Dios siempre es justo
Romanos 3, 1-31. Pablo hace una análisis de todo lo que pasa con la comunidad que lo rodea, para concluir que Dios juzgará al mundo con justicia. Y para ello Pablo afirma: “Ahora bien, sabemos que cuanto dice la ley, lo dice para los que están bajo la ley, para que toda boca enmudezca y el mundo entero se reconozca reo ante Dios, ya que nadie será justificado ante Él, por las obras de la ley, pues la ley no da sino el conocimiento del pecado.” (Romanos 3, 19-20).
Para eso sirven la ley, los ritos sagrados, la eucaristía, la confesión, la oración, etc., que vienen siendo mediaciones, medios para llegar a Él. Es decir, que tienen que penetrar en nuestro interior para transformarnos. Por eso Pablo habla de la circuncisión del corazón, y no la circuncisión en cumplimiento de la ley. Porque todo lo externo no sirve si no llega a nuestro corazón, al interior del alma, para transformarnos con la verdad del evangelio de Jesús.
Y llegamos a nuestro interior por la fe. No hay otro medio. Pablo expone que la justicia de Dios nos llega por la fe y justificados por el don de su gracia, en virtud de la redención realizada por Cristo, Jesús. Podemos tener pecados como arenas del desierto, pero por la fe y la redención de Jesús, somos salvos. Y claro, por la fe somos salvos todos, sin excepción, circuncisos, incircuncisos, judíos, gentiles o paganos. Y dice Pablo: “Entonces, ¿por la fe privamos a la ley de su valor? ¡De ningún modo! Más bien la consolidamos.”
Teniendo bien presente que nos esforcemos en no practicar la justificación, cuando la usamos para disculparnos. Nuestro ego siempre se vale de miles de disculpas para sentirse bien. Tenemos que pensar que como seres humanos, todos tenemos que justificarnos, pero frente a la verdad, reconociendo nuestras debilidades, nuestros defectos, nuestro ego inflado y creído.
Debemos aceptar que nuestra debilidad es mucha, y que para superar eso contamos con la fuerza salvadora de Dios. Es la única que nos puede ubicar en la verdad. La fuerza salvadora nos la da Dios a través de Jesucristo. Toda su vida, su palabra y su evangelio, nos sirve para aplicar esa fuerza. Cuando tengamos dudas, miremos a Jesús en la cruz, miremos su sufrimiento, su humildad, su entrega por nosotros.

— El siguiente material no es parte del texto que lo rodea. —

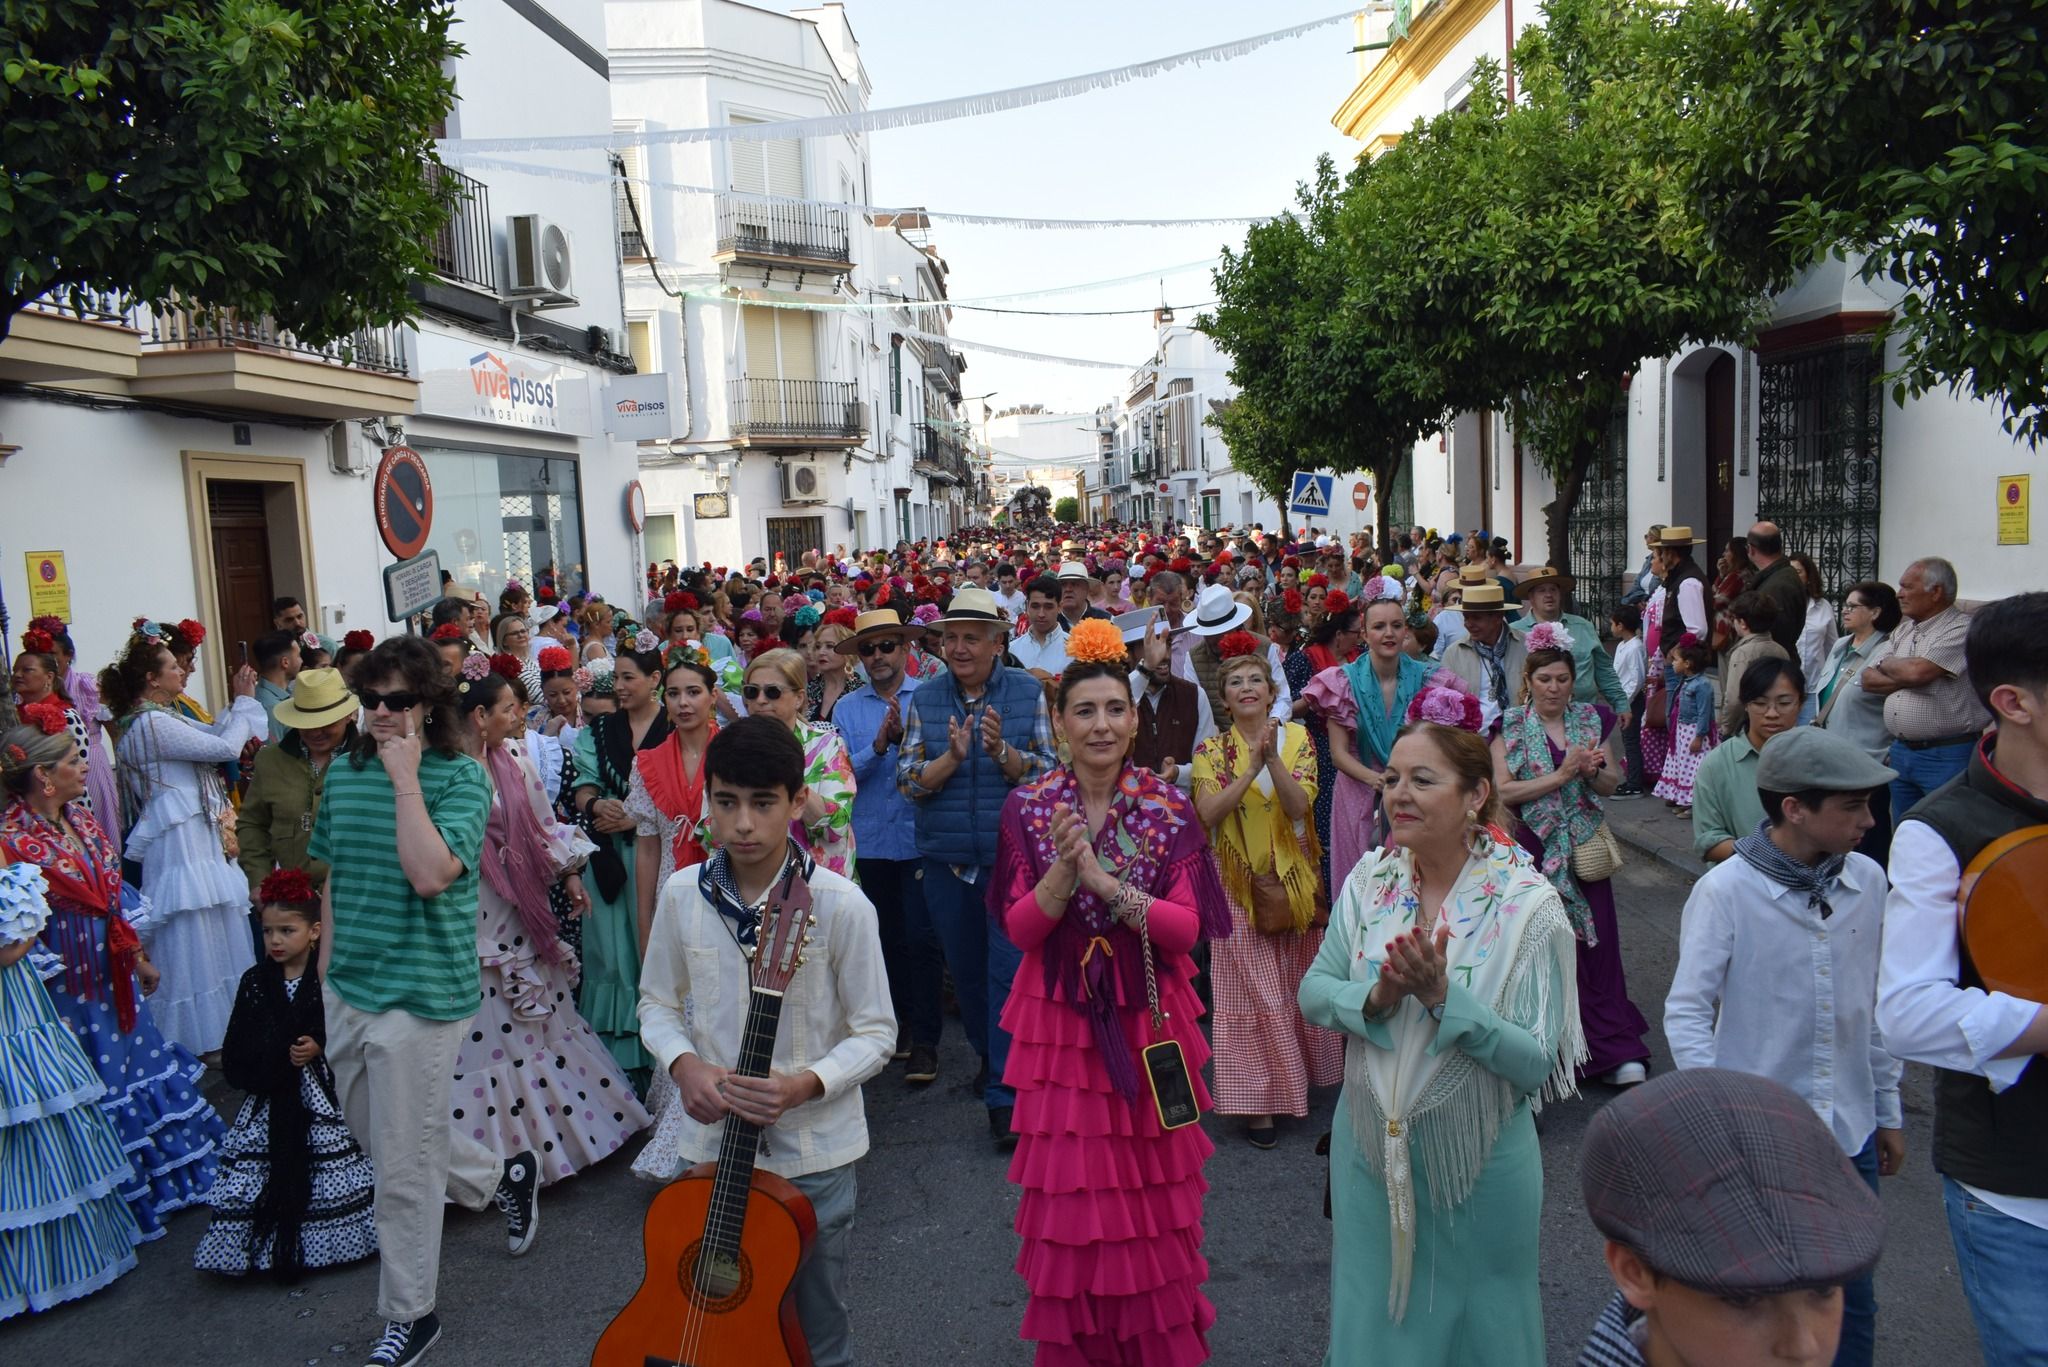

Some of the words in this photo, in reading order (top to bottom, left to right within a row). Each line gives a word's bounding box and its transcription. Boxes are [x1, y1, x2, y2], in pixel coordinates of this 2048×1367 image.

[470, 362, 554, 409] vivapisos
[474, 405, 556, 427] INMOBILIARIA
[617, 402, 665, 413] vivapisos
[391, 450, 406, 465] CARGA
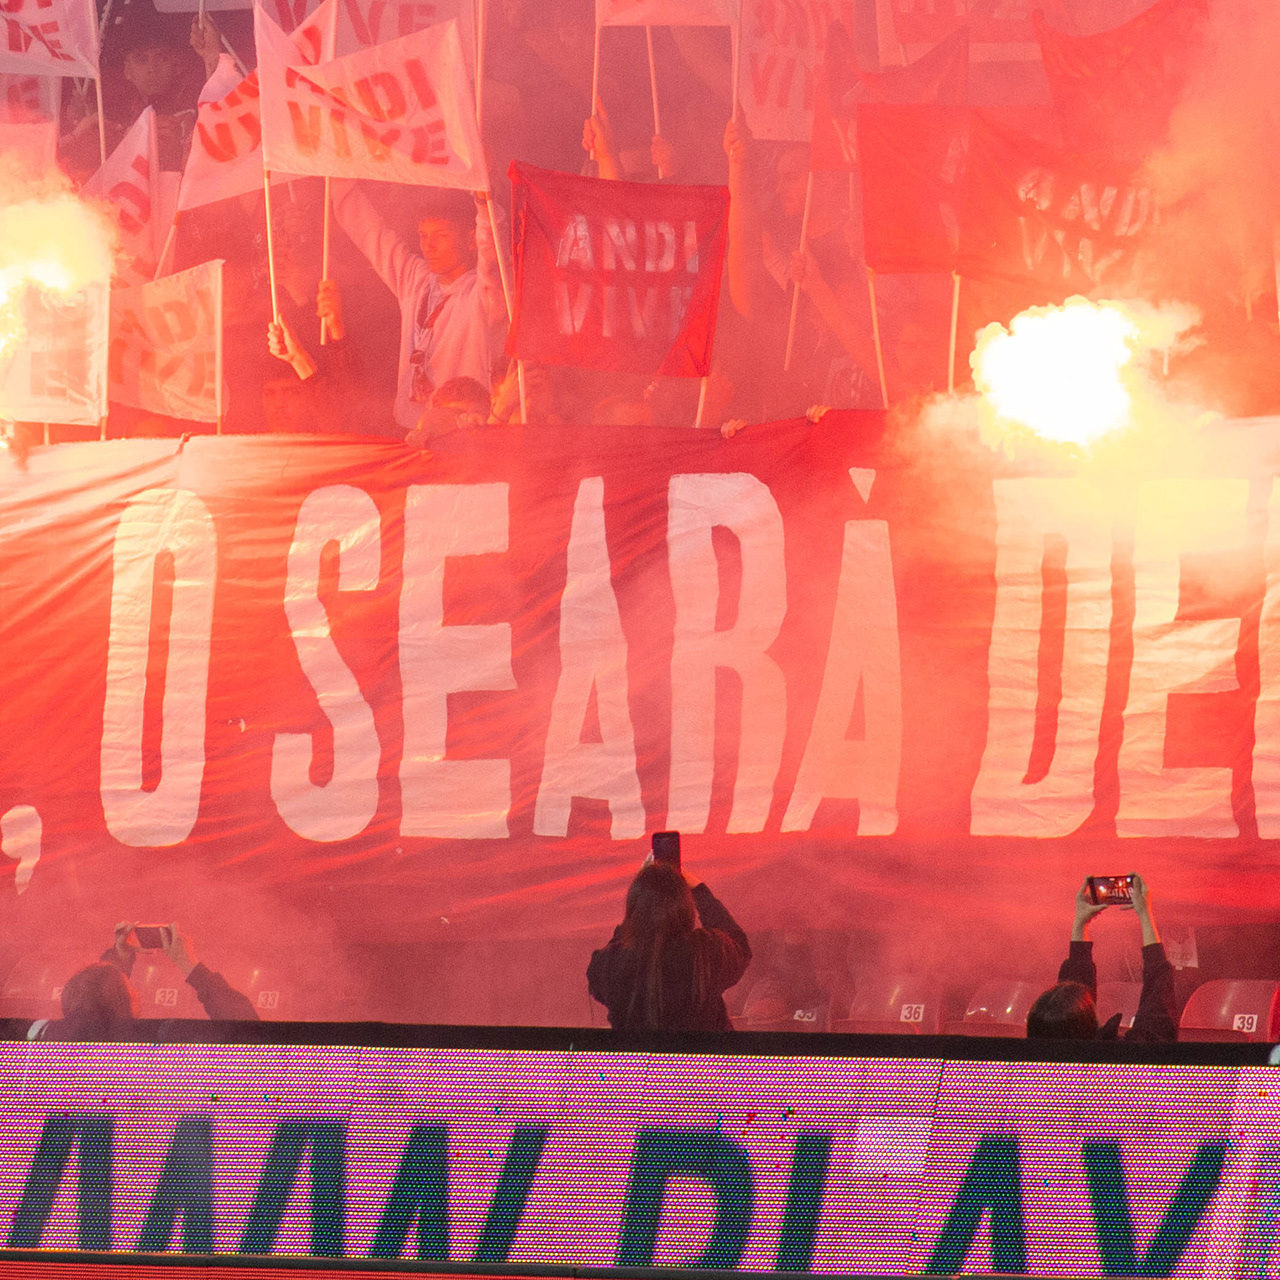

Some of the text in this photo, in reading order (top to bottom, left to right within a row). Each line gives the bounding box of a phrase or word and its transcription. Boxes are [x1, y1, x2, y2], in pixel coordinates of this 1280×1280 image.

[556, 216, 700, 271] ANDI
[100, 488, 217, 848] O
[157, 989, 175, 1005] 32
[903, 1006, 922, 1021] 36
[1236, 1016, 1256, 1031] 39

Pensemos en su frase: “Perdónalos porque no saben lo que hacen”, y reconozcamos que ahí estamos todos los seres humanos involucrados, porque la cruz nos salvó a todos sin excepción.
Frente al pecado tenemos entonces que distinguir dos cosas, el pecado como tendencia del ser humano, y nuestros pecados, en plural, cuando elaboramos la lista de nuestras caídas, con los veniales y los mortales. Tenemos que reconocer que sin la fuerza salvadora de Dios, a través de Jesucristo, estaríamos en la olla. Si no lo reconocemos así, no podremos recuperarnos, porque el ser humano adolece de la fuerza propia para vencer sus sentidos, y superar todas las pruebas que a diario nos presenta la vida.
Pecar nos puede poner a pensar en cómo enfrentar nuestra debilidad, o bien nuestra maldad, y ya sabemos que sólo lo podemos hacer con el amor a Jesús. Es verdad que la naturaleza nos dio la ley natural, pero no es suficiente, pues a lo largo de la vida hemos tenido que adaptarla a los cambios que a diario nos trae la vida. Con el amor a Dios, vamos haciendo los acabados de esa ley natural que nos sirvió de base, para reconocer nuestra impotencia, y sentir la necesidad de depender de la fuerza salvadora de Dios, a través de Cristo.
Es decir, descentrarse de uno mismo, salir de uno mismo, para que Dios se centre en uno. Con el ego inflado sólo lograremos ser nuestro propio instrumento. En cambio el hombre bueno, entregado a Jesús, humilde y humilde tres veces, es el instrumento de Dios. Es el que por medio de la oración, interioriza sus problemas para poder hablar con Dios, arreglar sus asuntos y trabajar como instrumento de Dios.
No apela a la justificación, sino que afronta su verdad y la transforma con la voluntad de Dios. Sabe que no puede ser santo por sí mismo. Se entrega a Dios, porque reconoce que sólo Dios puede ser santo.
La acción justificadora de Dios es eso. Consiste en que reconozcamos nuestra propia realidad, frente a la voluntad divina, fundada en la misericordia infinita, que realizó nuestra salvación con la pasión de Jesús en la cruz. Creer en la cruz es salvarse, y no por la ley externa, sino en razón de la fe. El espíritu de Dios es el que habita en nuestro corazón, siempre y cuando nos dejemos impactar por él. Es la única condición que nos pone el “abba” Padre, que con una paciencia infinita aguarda que nosotros nos demos cuenta del misterio del amor divino que supera con creces todos nuestros pecados y debilidades. Porque Dios es siempre justo y misericordioso sin medida.